NBC Weapons: Gassed In Flounders Fields



June 24, 2010: Last April, a construction project was halted outside Washington, DC, when a 90 year old chemical weapons dump was found. Among the items removed were glass containers of toxic chemicals, that were still dangerous after nearly a century in the ground. These included mustard gas, in liquid form, that was still deadly. Over a ton of noxious chemicals, and contaminated soil, was removed and destroyed.

What was unusual about this chemical weapons dump was that it was unknown. There were three other similar sites in the Washington area, where chemical weapons from research organizations was disposed of, via burial, after World War I (1914-18). The locations of these were known, and the stuff was subsequently cleaned up. But this fourth one was apparently material from nearby American University, where there was some chemical weapons research during World War I. Apparently it was considered more convenient, or safer, to bury the stuff in an unofficial dump near the campus, rather than transport it to one of the three official dumps.

From World War I to the 1970s, the U.S. disposed of most unneeded chemical weapons by dumping them at sea. During that period, the U.S. dumped chemical weapons off U.S. shores 32 times, and off foreign shores 42 times. The foreign dumps were largely captured German or Japanese chemical weapons. All this amounted to over 50,000 tons of chemical shells, bombs and barrels full of the stuff.
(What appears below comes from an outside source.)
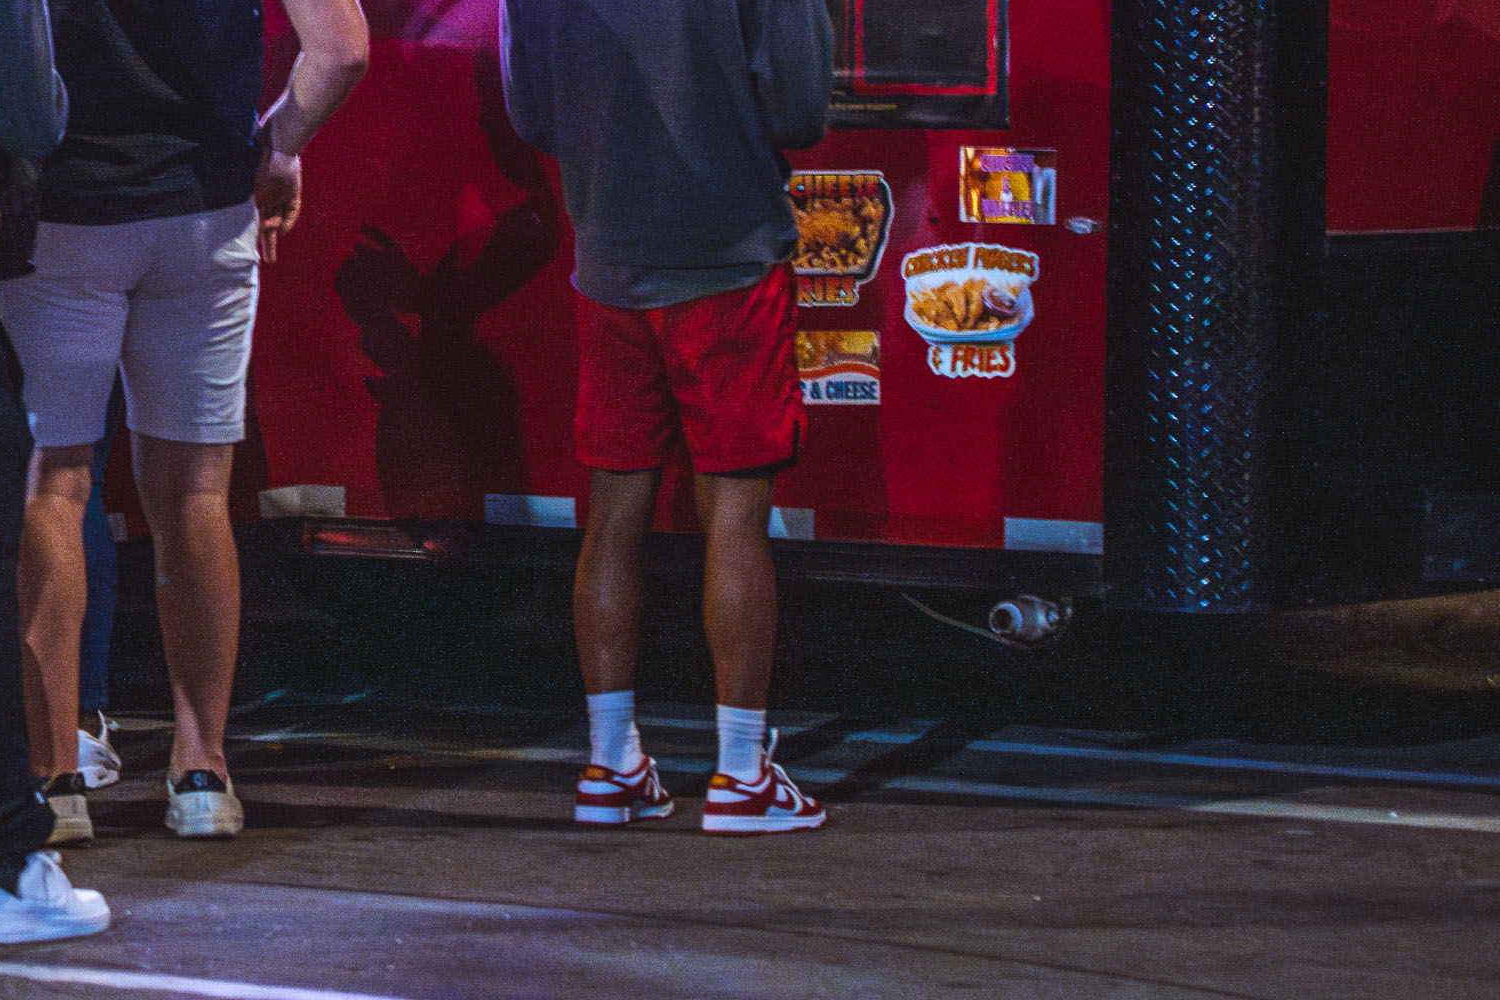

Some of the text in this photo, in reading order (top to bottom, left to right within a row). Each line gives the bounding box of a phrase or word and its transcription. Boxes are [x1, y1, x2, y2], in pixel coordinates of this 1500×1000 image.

Growing concern over the side effects of these chemical toxins seeping into the sea water (and sea creatures that might be eaten by people) brought an end to the practice. This was hastened by growing incidents of fishing boats (using new methods) bringing up some of the disposed, and still dangerous, chemical shells and bombs. This happened recently off Massachusetts. Once the dumping at sea was halted, new methods were developed to incinerate unneeded chemical weapons. This approach was subsequently adopted worldwide.

These unpleasant discoveries are only a small part of a much larger problem. Every year, several thousand tons of World War II munitions are unearthed. Despite the efforts of skilled technicians, some of this stuff explodes, killing or injuring hundreds of people each year. A lot of that is the result of civilians, especially kids, finding this stuff and playing around with it.

While the deadliest stuff is aircraft bombs that failed to explode, most of the explosives unearthed are smaller items like grenades, mortar shells, rockets and mines. Many of these weapons (over ten percent, for some manufacturers) did not explode when they were supposed to, but just buried themselves into the ground. The bombs and shells are still full of explosives, and often have a fuze that, while defective, is often still capable of going off if disturbed. Other munitions were left in bunkers, or elsewhere on the battlefield, and got buried and lost. There they degrade, and become more dangerous to handle. Most of these lost munitions eventually get found by farmers, or anyone digging up the ground for construction. Most large cities, Europe and the Pacific, that were heavily bombed cities during World War II, still suffer from construction crews unearthing unexploded bombs.

 The problem goes back farther than World War II. Unexploded munitions from the World War I (which ended in 1918), and the American Civil War, which ended in 1865, are still showing up, and some of them are still deadly. But the biggest source of these discoveries is Europe, where over a thousand World War II munitions are discovered each year in Europe (along with a few hundred from World War I, and far fewer from late 19th century conflicts).